__Exercise directions__
Repeat the entries that follow verbatim, without any of their pictures.
(Material provided Opens)
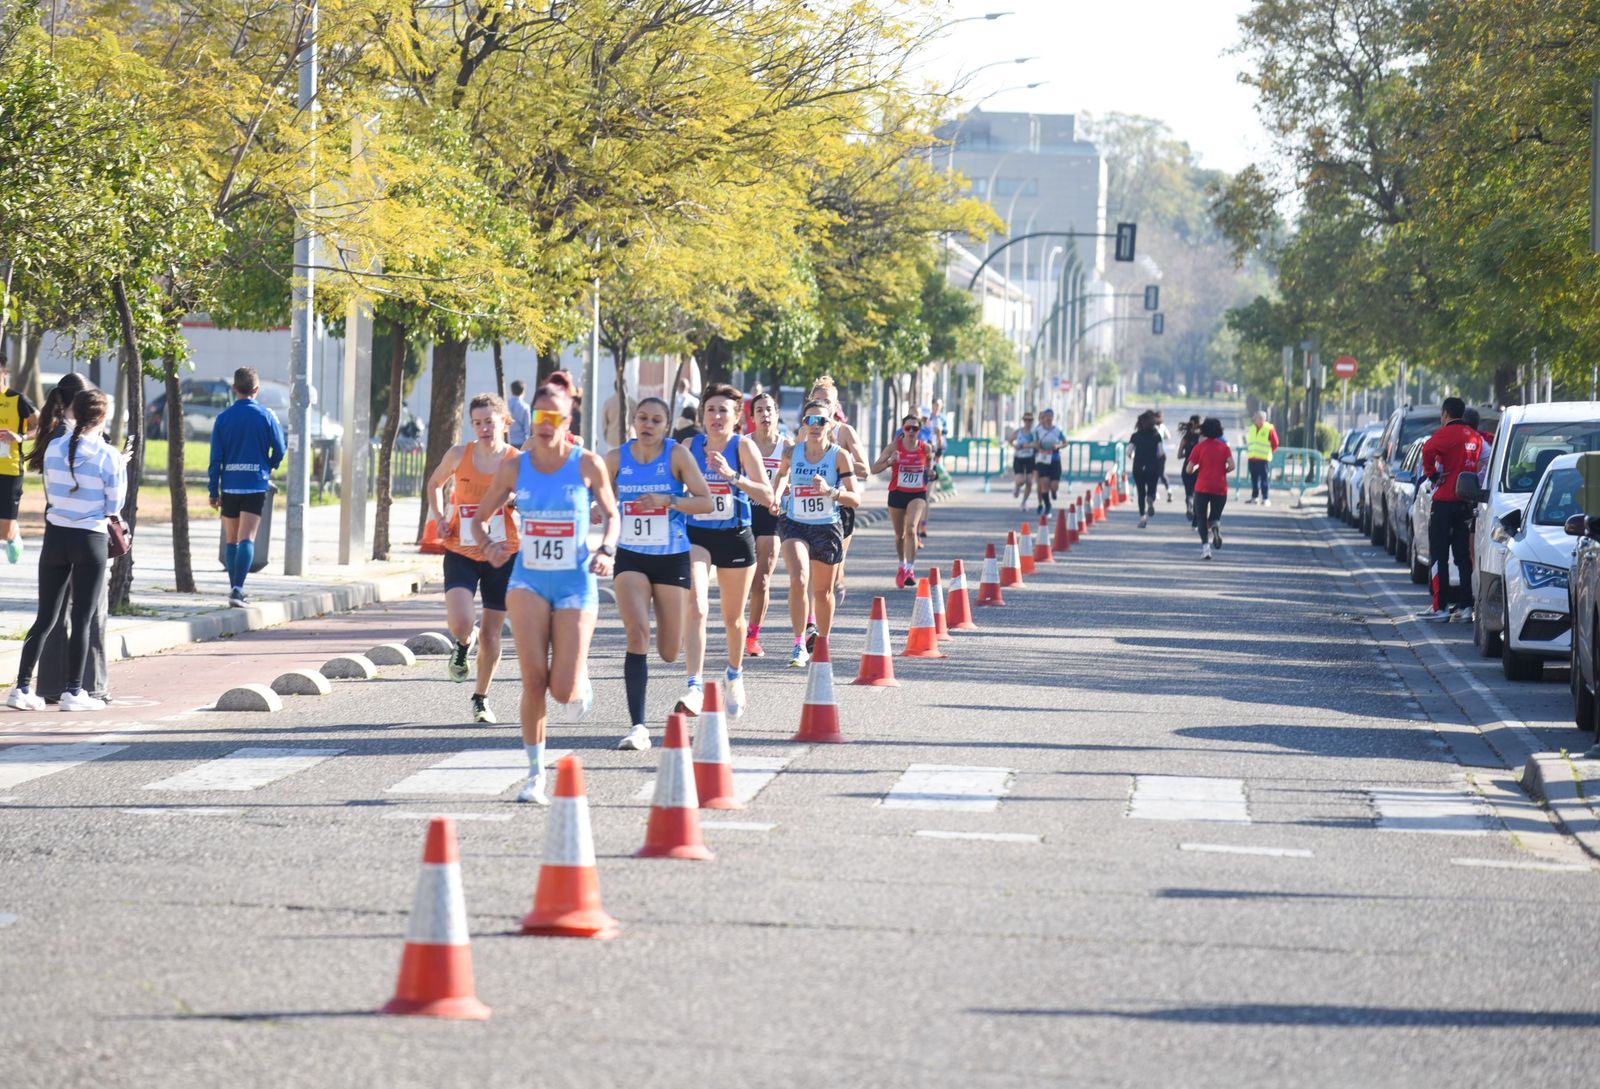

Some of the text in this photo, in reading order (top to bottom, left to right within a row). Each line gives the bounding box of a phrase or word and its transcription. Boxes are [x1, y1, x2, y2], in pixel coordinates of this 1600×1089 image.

[903, 473, 919, 483] 207
[617, 483, 672, 493] TROTASIERRA
[711, 496, 725, 512] 6
[801, 497, 824, 513] 195
[634, 518, 651, 536] 91
[533, 539, 564, 560] 145
(Material provided Closes)
__Exercise answer__
Some of the text in this photo, in reading order (top to bottom, left to right within a row). Each line gives the bounding box of a phrase or word and its transcription. Boxes are [x1, y1, x2, y2], in pixel coordinates of this 1600×1089 image.

[903, 473, 919, 483] 207
[617, 483, 672, 493] TROTASIERRA
[711, 496, 725, 512] 6
[801, 497, 824, 513] 195
[634, 518, 651, 536] 91
[533, 539, 564, 560] 145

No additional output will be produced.